Why, then, are good municipalities good and bad ones bad? Chapter 6 steps back from the wealth of empirical data to ask this canonical question. I analyze key factors in the local economy, politics and society that drive government performance. Using these building blocks, I develop a model of government that integrates a variety of well-established insights on the role of elections and lobbying in democratic politics with more recent ideas about civic organizations and social linkages. The framework provides a structure in which economic interests, political actors, and civic organizations interact to make policy decisions. Placing this structural model of government in a dynamic context allows us to analyze how voting, lobbying and civic organizations interact over time to produce public decision-making that is responsive and accountable to voters, or not.

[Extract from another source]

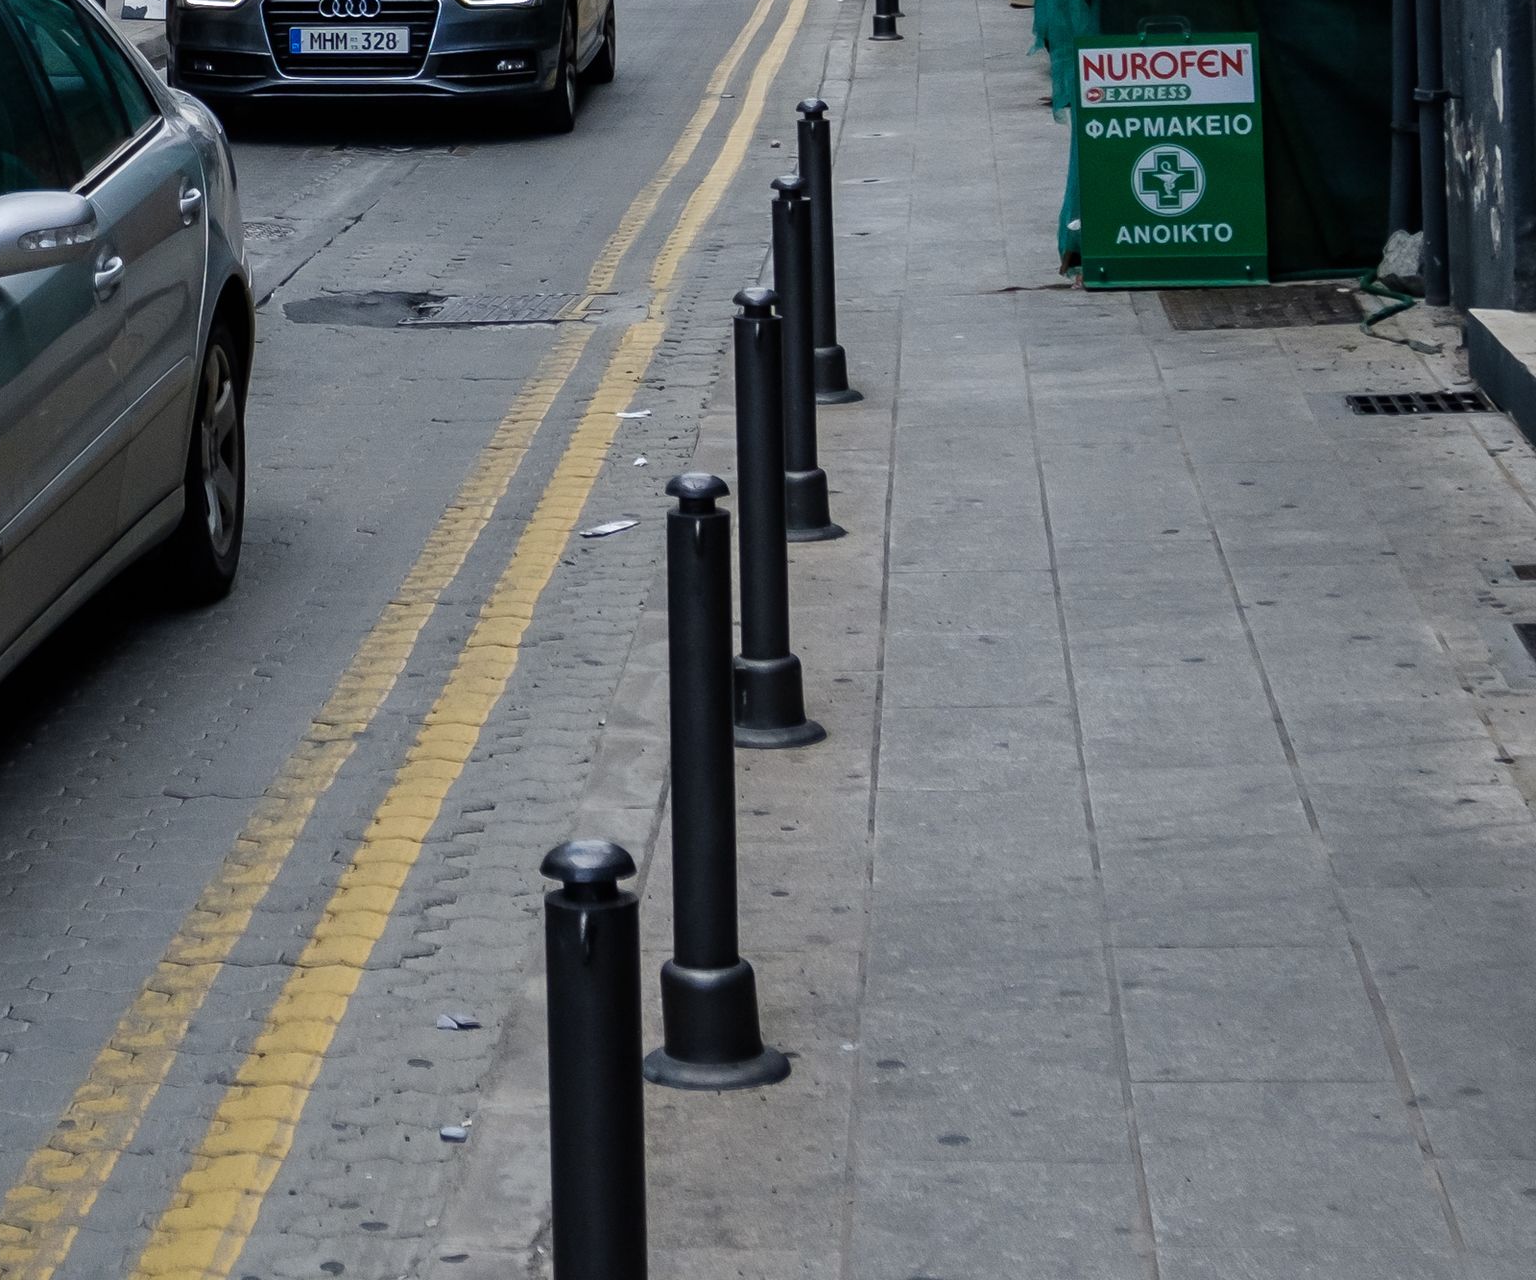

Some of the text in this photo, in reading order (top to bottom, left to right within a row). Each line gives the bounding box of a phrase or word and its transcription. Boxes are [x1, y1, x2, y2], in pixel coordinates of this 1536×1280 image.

The resulting theory of government proposes that responsiveness and accountability are primarily products of the openness and substantive competition of politics. The quality of a municipality’s politics, in turn, emerges endogenously as the joint product of the lobbying and political engagement of its firms and other economic actors, and the organizational density and ability of its civil society. Where economic interests are many and diverse, the chances are greater that a broad variety of political parties will find financial support and vie for votes. The ensuing competition will better represent diverse currents within society, giving voice to groups whose interests might otherwise be overlooked. And where society is organized into a dense network of intermediating organizations that can solve the collective action problem to aggregate preferences and transmit information, government will receive more and better-quality information about society’s needs, as well as feedback on previous interventions. An organized society is far more likely to participate in public decision-making and provide counterpart contributions, thus extending investment budgets and increasing the quality and sustainability of public goods and services. Where there is broad representation and competition in politics combined with high information and mobilizing capacity in civil society, government will have a strong tendency towards responsiveness and accountability to citizens. This model is notable for going beyond the correlation that others have found between “civicness” or “social capital” and government performance; I propose a specific mechanism by which civic groups interact with economic and political agents to determine policy outcomes.